▶ _Instructions to follow_
Repeat every record word for word and omit the images.

(Supplied information begins)

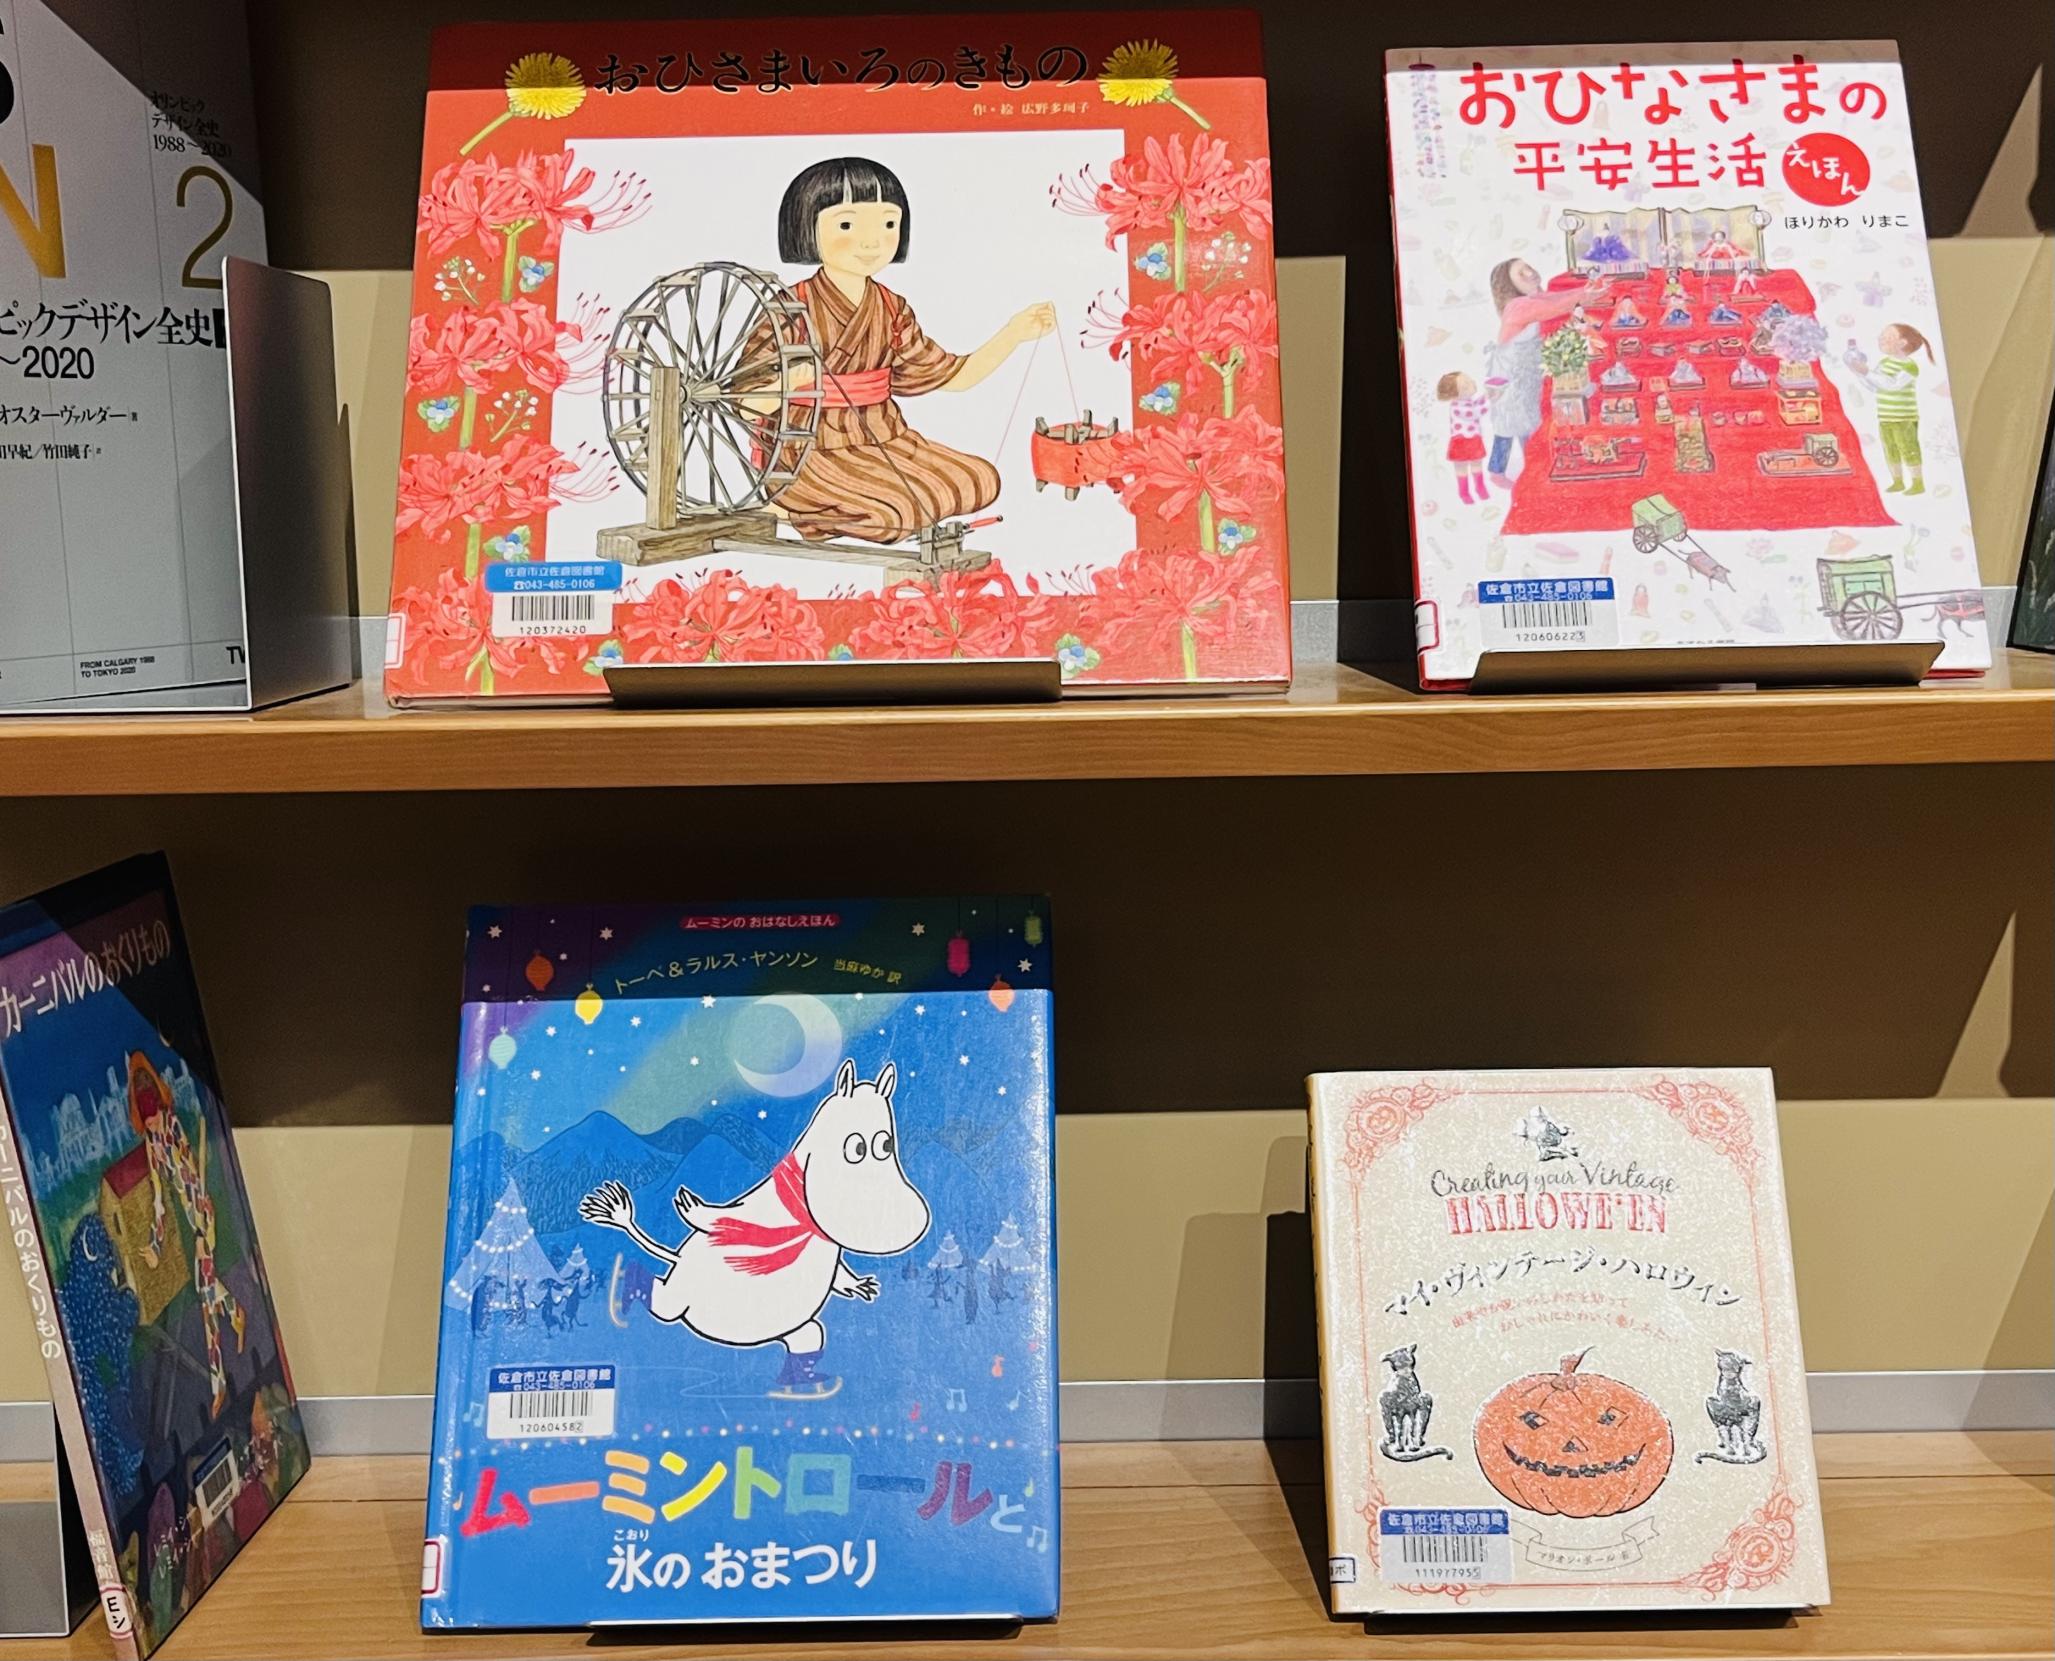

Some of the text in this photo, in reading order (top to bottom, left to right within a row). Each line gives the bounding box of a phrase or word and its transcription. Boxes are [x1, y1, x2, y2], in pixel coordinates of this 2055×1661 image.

[594, 43, 1088, 95] おひさまいろのきもの
[1459, 54, 1887, 128] おひなさまの
[1513, 132, 1767, 190] 平安生活
[1786, 141, 1865, 196] えほん
[1784, 215, 1909, 229] ほりかわ りまこ
[525, 579, 595, 590] 043-485-0106
[520, 625, 587, 636] 120372420
[1516, 631, 1586, 643] 120606223
[80, 660, 102, 669] FROM
[103, 657, 138, 668] CALGARY
[81, 670, 92, 678] TO
[93, 667, 119, 677] TOKYO
[685, 914, 836, 929] ムーミンの おはなしえほん
[1430, 1162, 1529, 1198] Creating
[1579, 1160, 1678, 1194] Vintage
[520, 1421, 583, 1433] 120604582
[613, 1529, 649, 1541] こおり
[606, 1539, 877, 1592] 氷の おまつり
[106, 1596, 120, 1612] E
[112, 1615, 125, 1629] シ
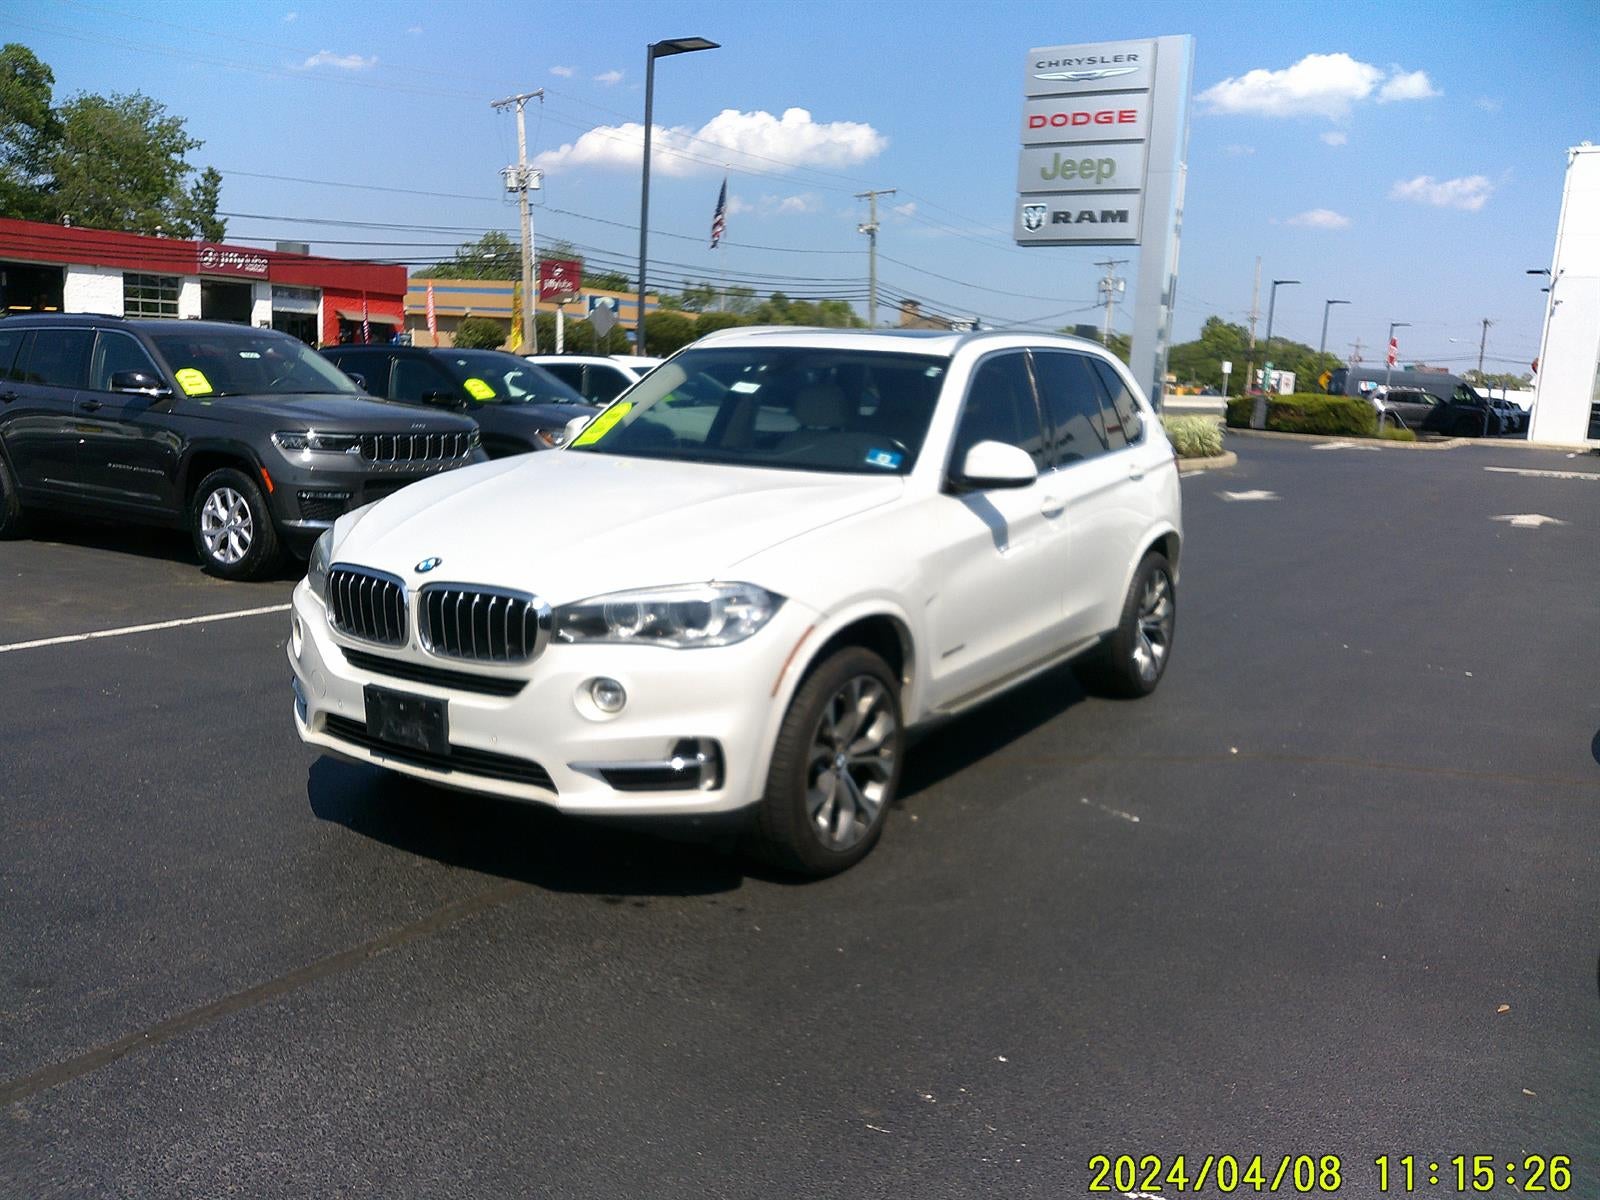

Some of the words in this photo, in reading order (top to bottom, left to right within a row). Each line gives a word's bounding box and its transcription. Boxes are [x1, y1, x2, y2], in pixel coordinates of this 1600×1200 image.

[1035, 54, 1139, 69] CHRYSLER
[1029, 110, 1137, 129] DODGE
[1041, 153, 1116, 184] Jeep
[1052, 209, 1129, 224] RAM
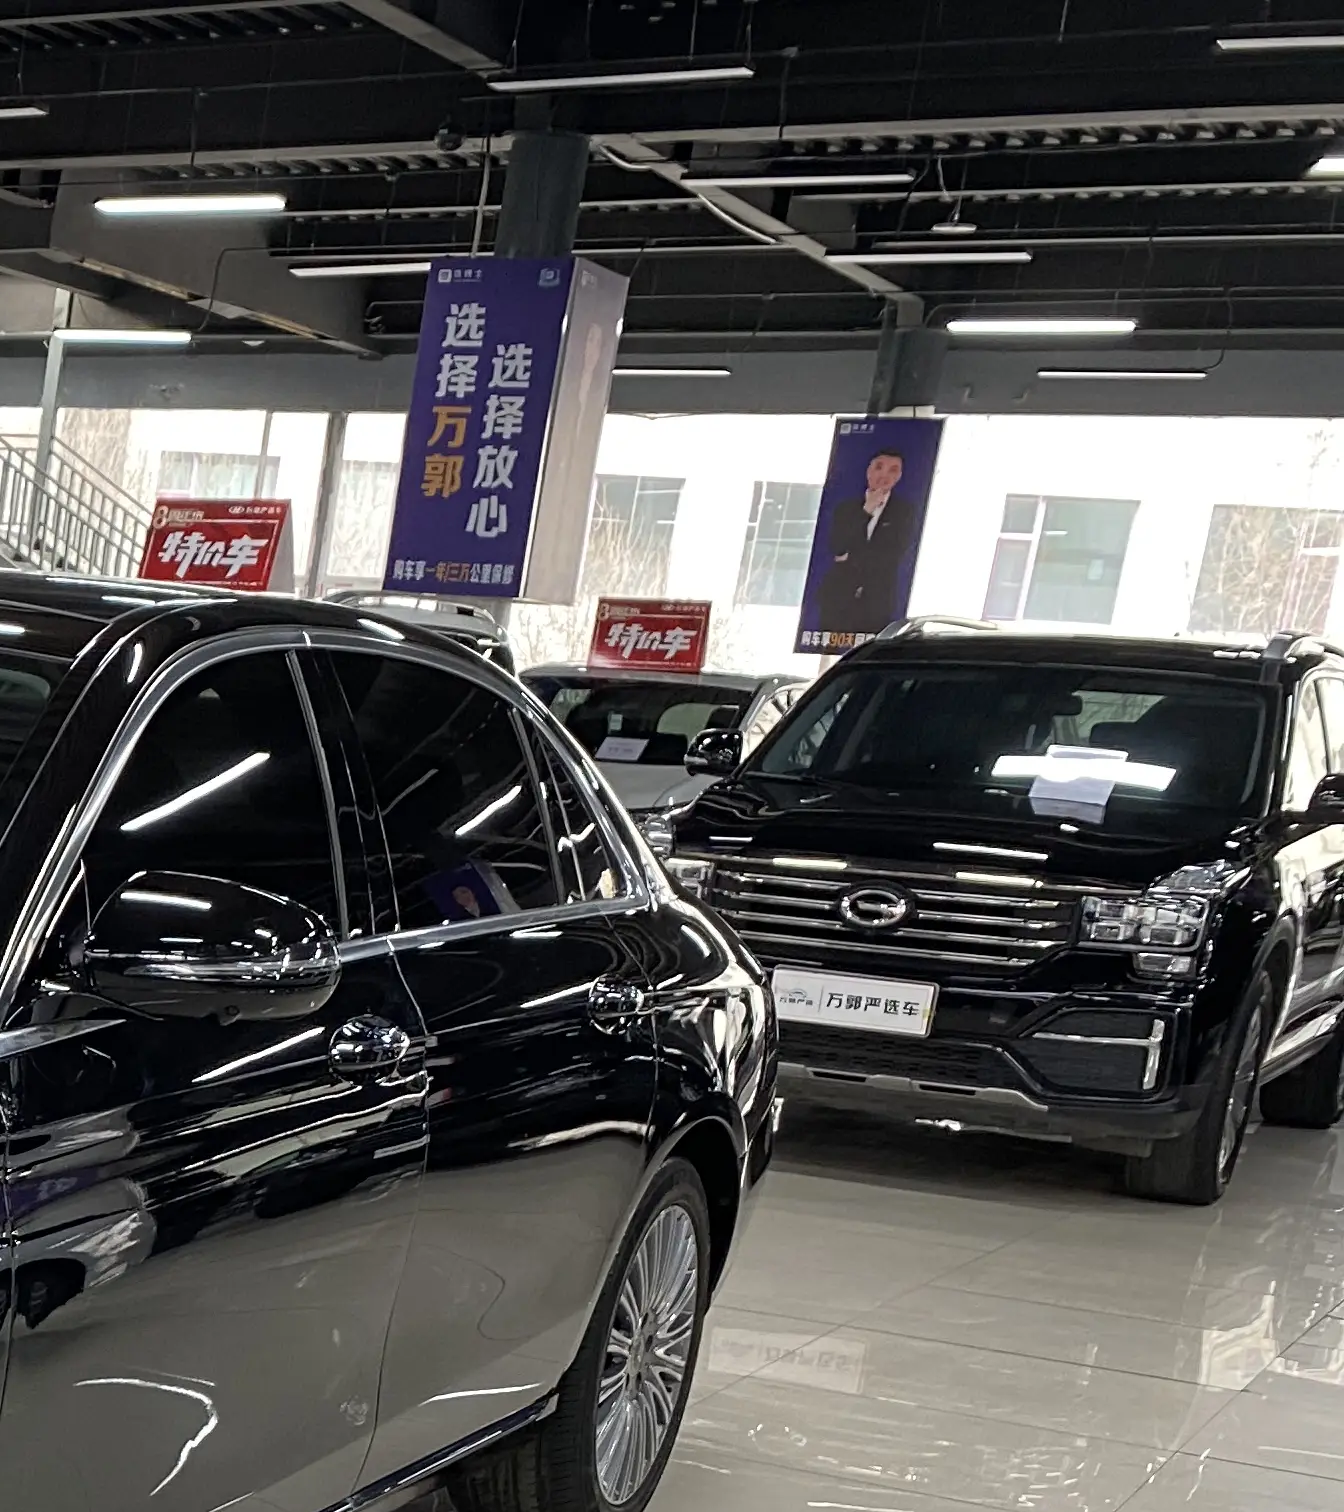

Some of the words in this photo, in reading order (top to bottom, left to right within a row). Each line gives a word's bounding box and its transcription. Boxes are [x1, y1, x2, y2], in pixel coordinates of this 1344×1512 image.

[420, 303, 487, 499] 选择万郭
[466, 343, 534, 539] 选择放心
[158, 531, 269, 579] 特价车
[604, 622, 698, 660] 特价车
[826, 992, 920, 1016] 万郭严选车

(Supplied information ends)

▶ _Result for this exercise_
Some of the text in this photo, in reading order (top to bottom, left to right within a row). Each line gives the bounding box of a phrase or word and its transcription. Boxes are [x1, y1, x2, y2], in pixel coordinates of this 2055×1661 image.

[594, 43, 1088, 95] おひさまいろのきもの
[1459, 54, 1887, 128] おひなさまの
[1513, 132, 1767, 190] 平安生活
[1786, 141, 1865, 196] えほん
[1784, 215, 1909, 229] ほりかわ りまこ
[525, 579, 595, 590] 043-485-0106
[520, 625, 587, 636] 120372420
[1516, 631, 1586, 643] 120606223
[80, 660, 102, 669] FROM
[103, 657, 138, 668] CALGARY
[81, 670, 92, 678] TO
[93, 667, 119, 677] TOKYO
[685, 914, 836, 929] ムーミンの おはなしえほん
[1430, 1162, 1529, 1198] Creating
[1579, 1160, 1678, 1194] Vintage
[520, 1421, 583, 1433] 120604582
[613, 1529, 649, 1541] こおり
[606, 1539, 877, 1592] 氷の おまつり
[106, 1596, 120, 1612] E
[112, 1615, 125, 1629] シ

Some of the words in this photo, in reading order (top to bottom, left to right within a row). Each line gives a word's bounding box and its transcription. Boxes are [x1, y1, x2, y2], in pixel coordinates of this 1600×1200 image.

[1035, 54, 1139, 69] CHRYSLER
[1029, 110, 1137, 129] DODGE
[1041, 153, 1116, 184] Jeep
[1052, 209, 1129, 224] RAM

Some of the words in this photo, in reading order (top to bottom, left to right within a row). Each line gives a word's bounding box and its transcription. Boxes are [x1, y1, x2, y2], in pixel coordinates of this 1344×1512 image.

[420, 303, 487, 499] 选择万郭
[466, 343, 534, 539] 选择放心
[158, 531, 269, 579] 特价车
[604, 622, 698, 660] 特价车
[826, 992, 920, 1016] 万郭严选车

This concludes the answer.